Словно баржа против течения времени, медленно двигалось разогретое лето. Тянуло долгим жаром от его обшивки. От каменных многоэтажек, во все глаза глядящих за горизонт: не пролетит ли там синяя птица счастья, не сядет ли на аварийный балкон. От вороных полос свежего асфальта, уложенного тяп-ляп на пролежни дорог, будто мазевые повязки на скованного неизлечимой тяготой больного. От переполненных маршруток, в которых шли по рукам мелкие мятые купюры и замызганные монеты и слышалось растерянное «остановите здесь» зазевавшейся старушки или медный матерный звон какой-нибудь пассажирской ссоры.

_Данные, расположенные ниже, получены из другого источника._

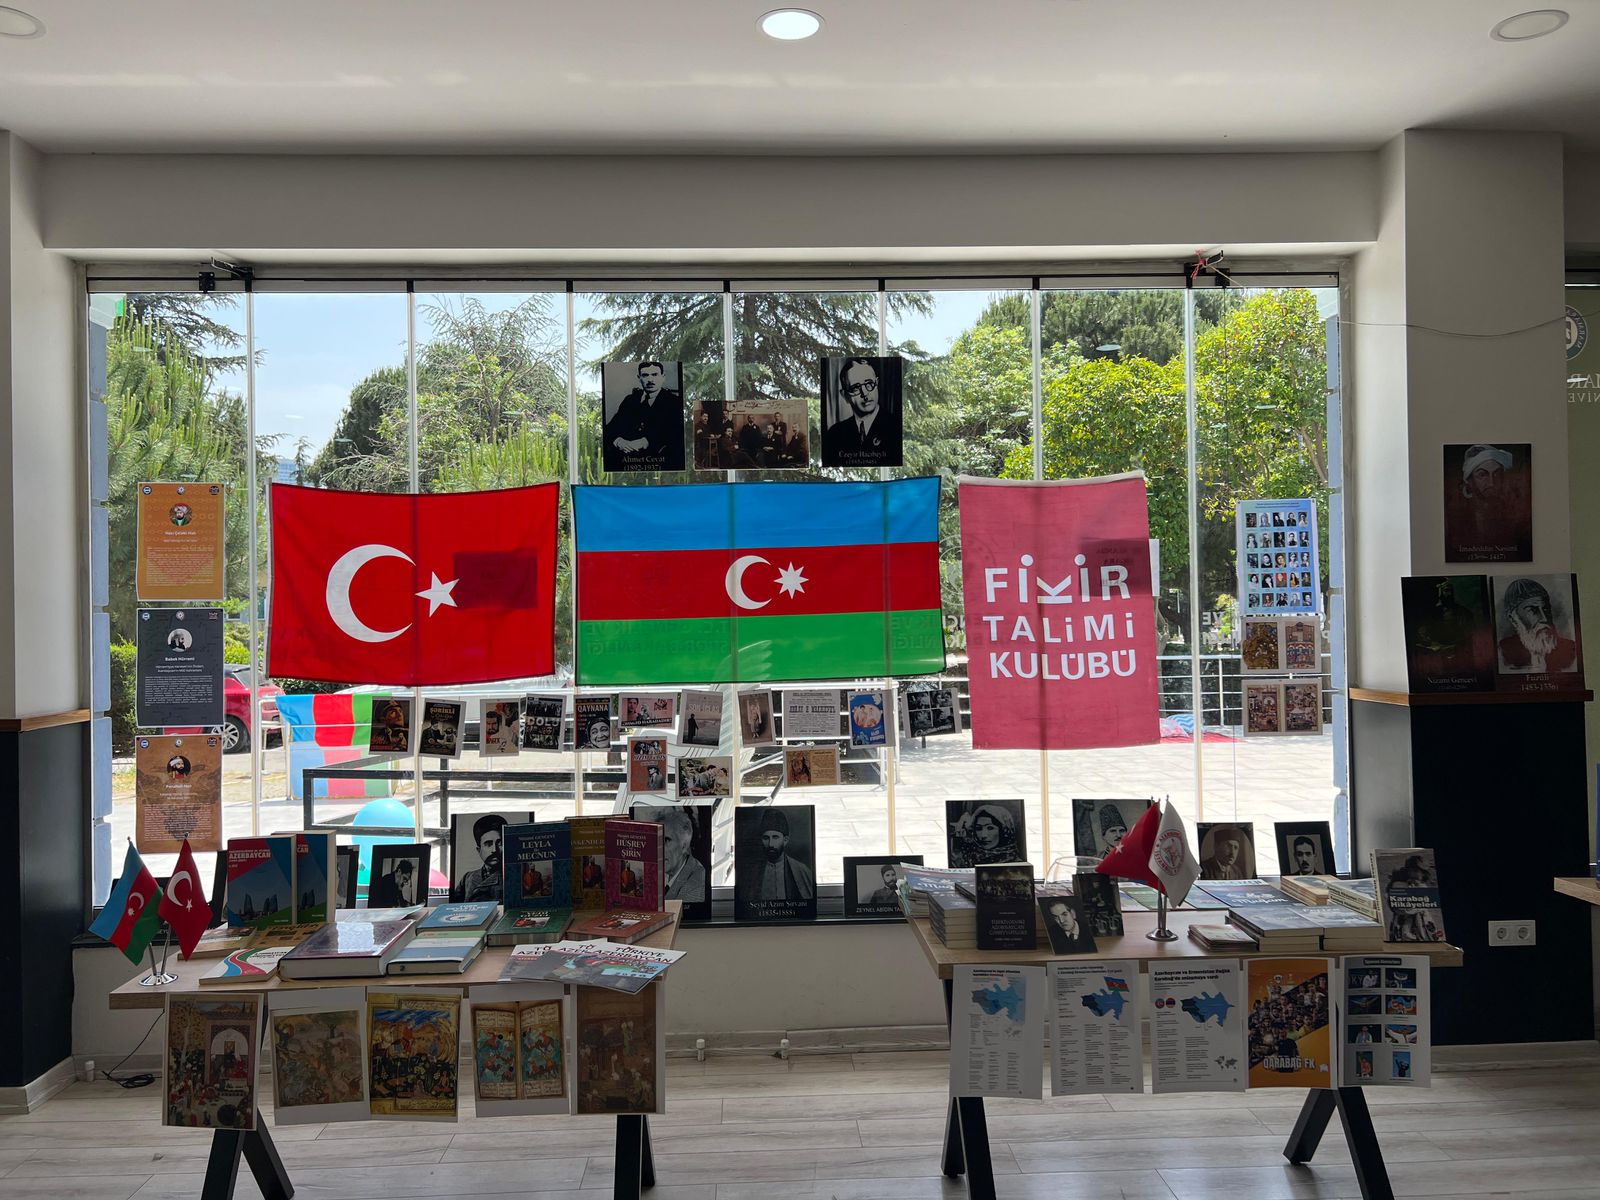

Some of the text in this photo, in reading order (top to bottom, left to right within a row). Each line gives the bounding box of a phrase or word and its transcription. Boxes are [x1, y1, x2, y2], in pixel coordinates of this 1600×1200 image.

[623, 456, 665, 464] Ahmet Cevat
[984, 554, 1131, 605] FİKİR
[989, 649, 1137, 681] KULÜBÜ
[577, 704, 609, 713] QAYNANA
[522, 840, 552, 849] LEYLA
[517, 851, 557, 861] MECNUN
[1390, 895, 1430, 903] Karabağ
[750, 901, 767, 909] Seyid
[1390, 901, 1438, 910] Hikâyeleri
[615, 945, 665, 957] TÜRKİYE
[593, 949, 673, 963] AZERBAYCAN
[1263, 1056, 1317, 1069] QARABAĞ FK

Тем временем на дачах, как паутина, растянулось спокойствие. Уже собрали вишню, налепили вареников и отправили их в морозильный плен. Из красных клубничных и малиновых голов сварили джемы и расставили банки в погребах. А редкие кусты крыжовника позволили ободрать соседским детям, потому что кислил, и вообще чёрт знает зачем держали его. Звонила мама и рассказывала так: листья смородины и мелиссы заваривают с чаем, время уходит на полив, отец сидит на деревянных ступеньках старого крыльца и читает детектив, купленный в киоске на станции, и все, изнывая от жары, ездят на пруды, которые, словно зеленоватые глаза, обрамлены ресницами камыша; все ездят купаться, и там уже с утра не протолкнуться, компании гогочут, оставляют пивные бутылки и бычки, поэтому лучше сидеть в тени своего сада. Мама спрашивала, хорошо ли сын кушает, следит ли за чистотой или опять закопался в исследованиях. Зелёнкин отмахивался: и кушает, и следит. Но, по правде, чистота пространства его не занимала, а всё тонуло в каком-то ненастоящем температурном жаре, окутавшем его работу, которая плохо двигалась. Его мысли были похожи на пригоревшую перловую кашу — там, как кусок масла, плавал образ Юли среди разваренных зёрен брошенных задач, и таял, и расходился в общем объёме. И, конечно, ничего он не рассказал про опеку, которая не давала подступиться к удочерению и глядела волком, как Медуза Горгона. Он чувствовал себя окаменевшим, бессильным, но утешительны были светлячки воспоминаний, летавшие вдоль мысленной дороги. А дорога эта, окутанная тёплым серым воздухом, вела к сегодняшнему уроку.
Договорив с мамой, выслушав про дачные занятия и скорое цветение гладиолусов, он положил трубку. И когда снова раздался звонок, ответил нетерпеливо и раздражённо:
— Ну что ещё?
Но столкнувшись с незнакомым мужским голосом, растерялся. Голос представился сотрудником органов и попросил к телефону Николая Ивановича.
— Это я… — после оглушительной паузы, показавшейся такой звучной, словно над ухом били в барабан тишины, с трудом выдавил из себя.
— Я бы хотел с вами встретиться, у меня к вам несколько вопросов.
Так ударяет молния в человека, бежит ток по телу приговорённого преступника, после чрезмерного напряжения лопается струна.
Заворочалось на глубине малодушное намерение бросить трубку. Но Зелёнкин отсеял его через ржавое головное сито — именно так он ощущал сейчас мозговую деятельность.
— У меня работа… — пробормотал он по-детски потерянно и механически раскрыл попавшуюся под руку тетрадь с рабочими записями, как будто пытаясь доказать самому себе правду произнесённого.
— Это ненадолго. Могу подъехать в течение часа.
При мысли о том, что незнакомец в форме с вопросами, тяжёлыми, как гири, ворвётся в его пыльные покои с облокотившимися друг на друга книжными колоннами, где даже матери с отцом было запрещено входить в его комнату, он попытался увильнуть:
— Я не могу… Я ухожу сейчас.
— Во сколько и где мы можем встретиться?
Вывернуться не получалось. И Зелёнкин сказал, что будет в библиотеке. И сказал, что освободится в пятнадцать часов. У него не было выбора. И от растерянности он назвал точное время окончания урока. Надо было сделать запас хотя бы в полчаса, чтобы не впутывать Юлю. Но он не сообразил. И теперь ему было страшно. Потому что, видимо, произошло то, чего он боялся.
Его тайну открыли.
Обычно она приходила позже него. Он поджидал её за столом в углу у окна, за их столом, разложив материалы для занятий, и наслаждался медленным дневным ходом, наполненным тихой безмятежностью: шелестом книжных страниц, мягким шарканьем библиотекарш, световыми иглами, воткнутыми в заоконную листву, рассредоточенным чтением, в которое вкрадывались тёплые мысли, мешающие читать про древние цивилизации.